• **Required work**: Exact repetition, pictures omitted: give every record below again.

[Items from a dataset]
——
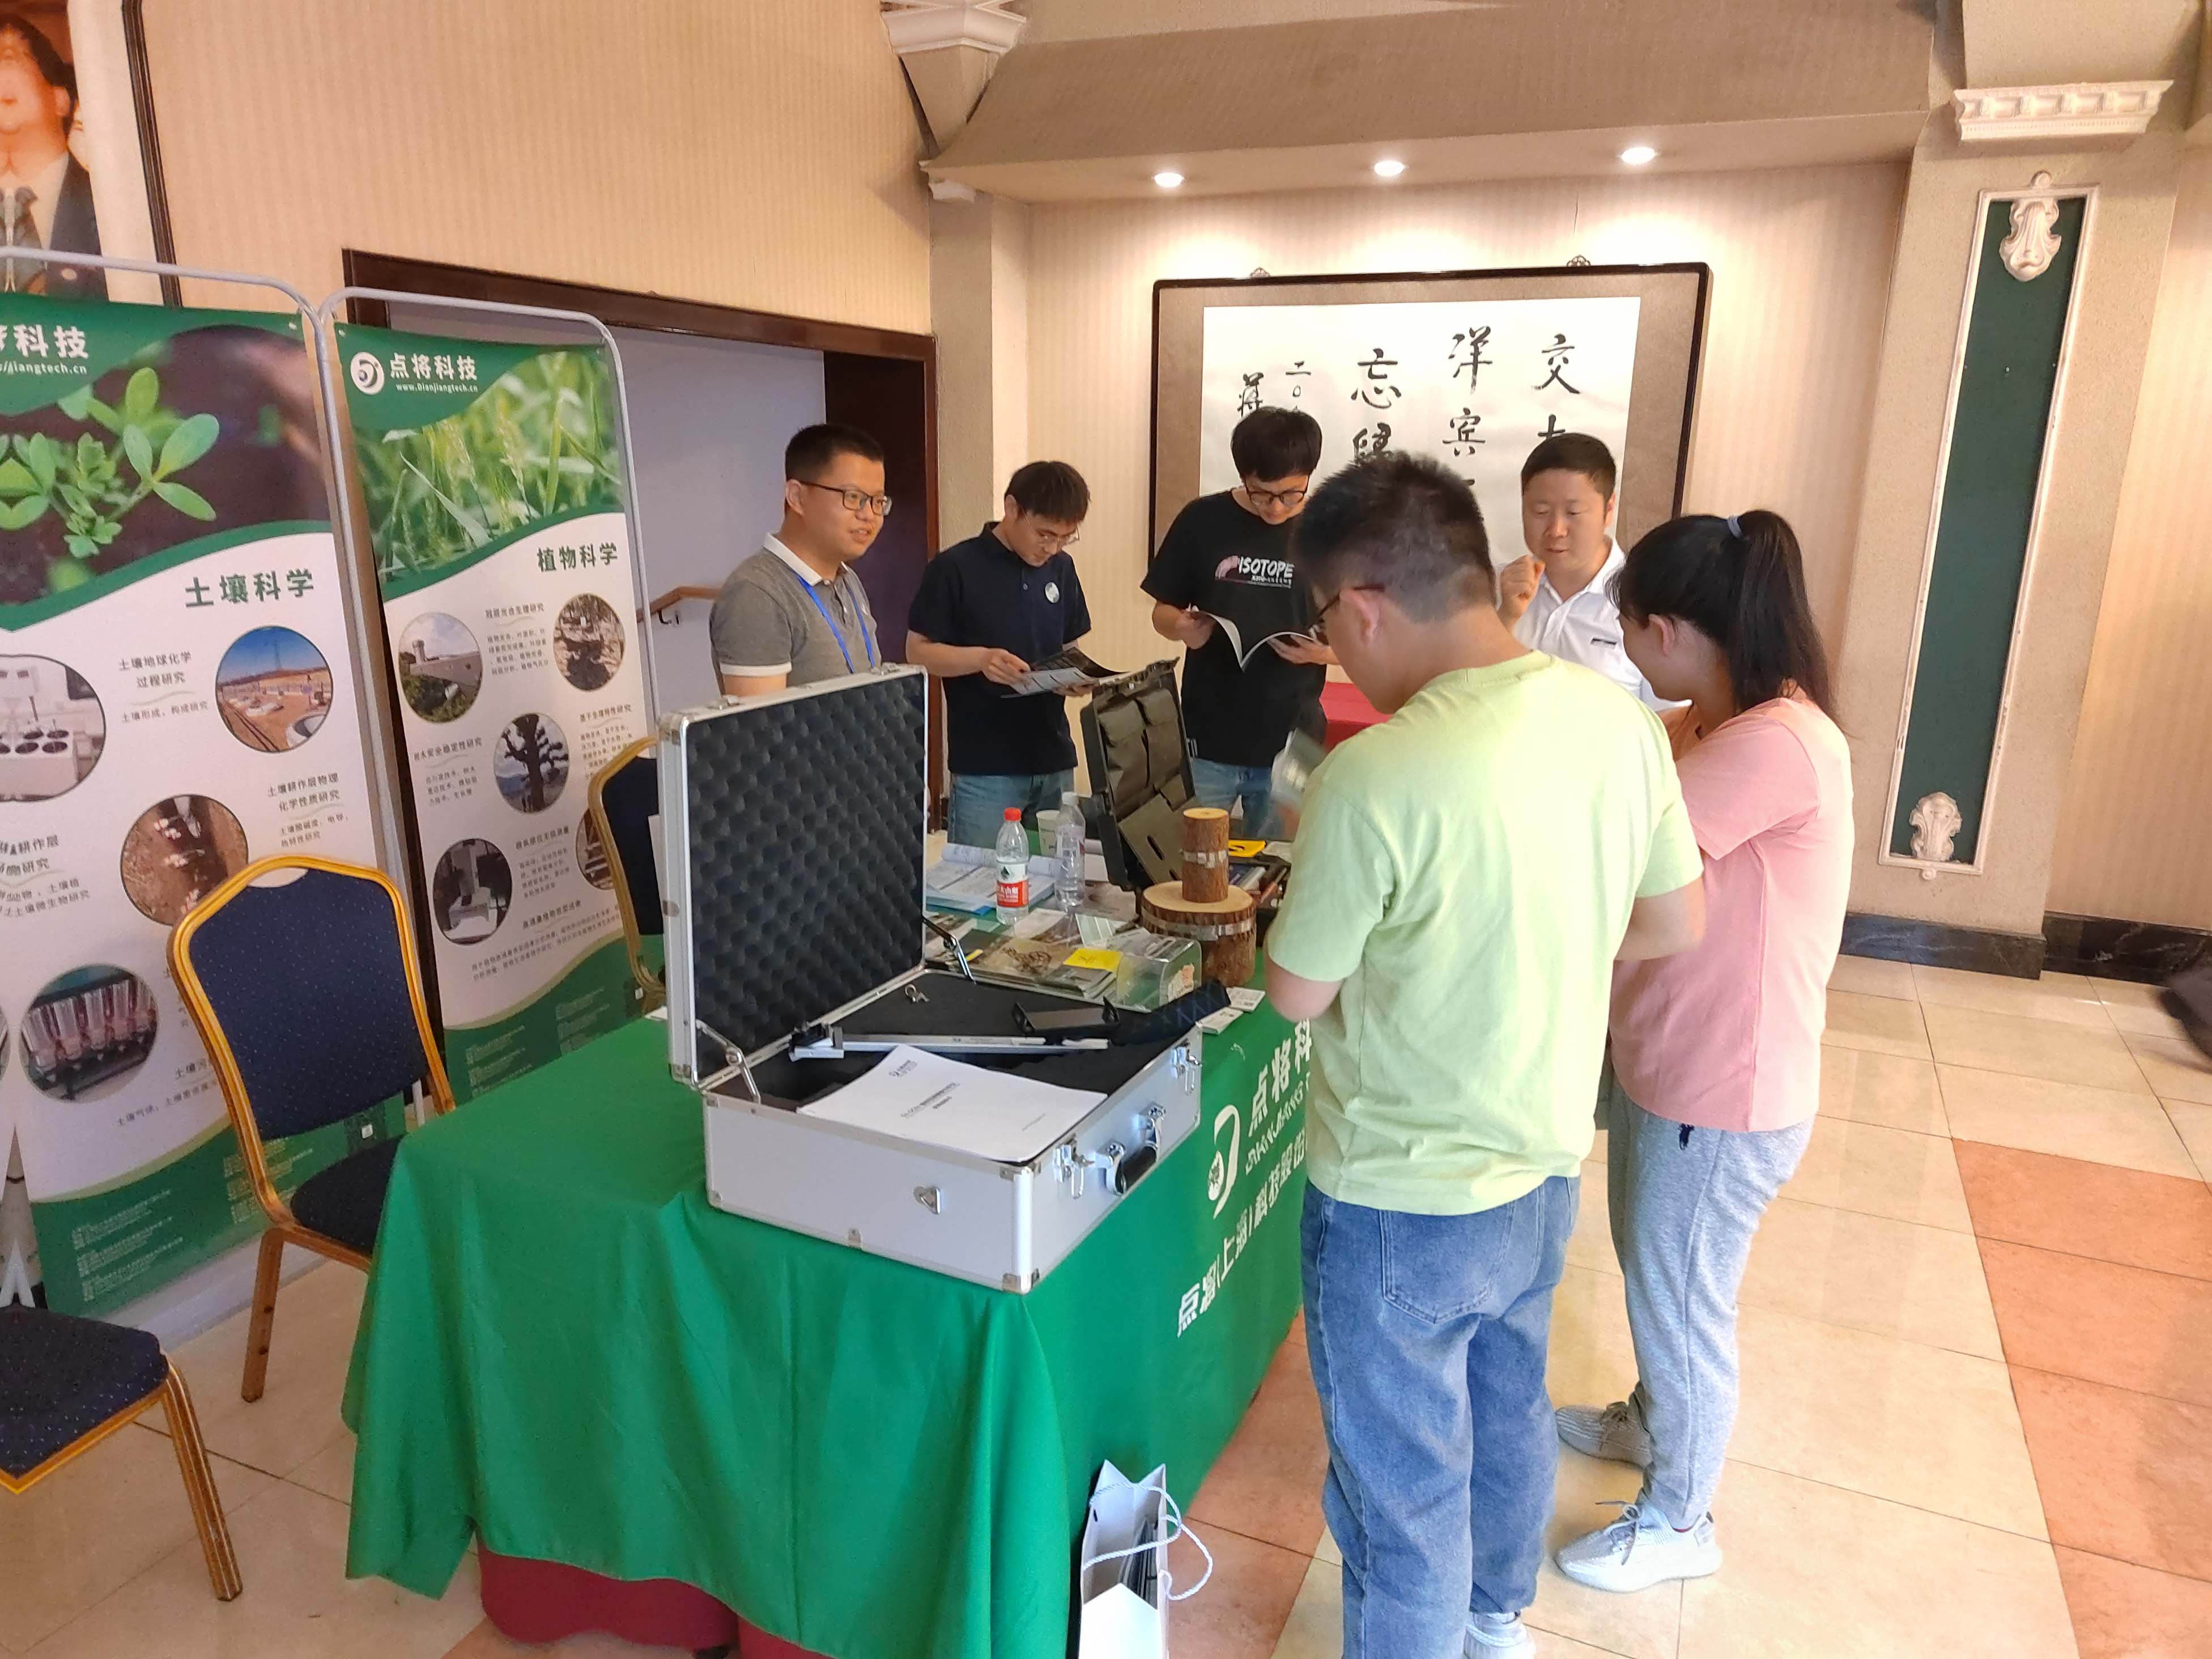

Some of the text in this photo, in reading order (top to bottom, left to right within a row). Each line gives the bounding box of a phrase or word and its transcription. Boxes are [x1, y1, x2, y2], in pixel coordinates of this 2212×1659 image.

[390, 352, 477, 380] 点将科技
[537, 542, 619, 572] 植物科学
[1239, 556, 1295, 578] ISOTOPE
[185, 568, 314, 608] 土壤科学
[118, 652, 192, 671] 土壤地球化学
[137, 671, 185, 689] 过程研究
——
• **The completed task**:
Some of the text in this photo, in reading order (top to bottom, left to right within a row). Each line gives the bounding box of a phrase or word and its transcription. Boxes are [x1, y1, x2, y2], in pixel coordinates of this 2212×1659 image.

[390, 352, 477, 380] 点将科技
[537, 542, 619, 572] 植物科学
[1239, 556, 1295, 578] ISOTOPE
[185, 568, 314, 608] 土壤科学
[118, 652, 192, 671] 土壤地球化学
[137, 671, 185, 689] 过程研究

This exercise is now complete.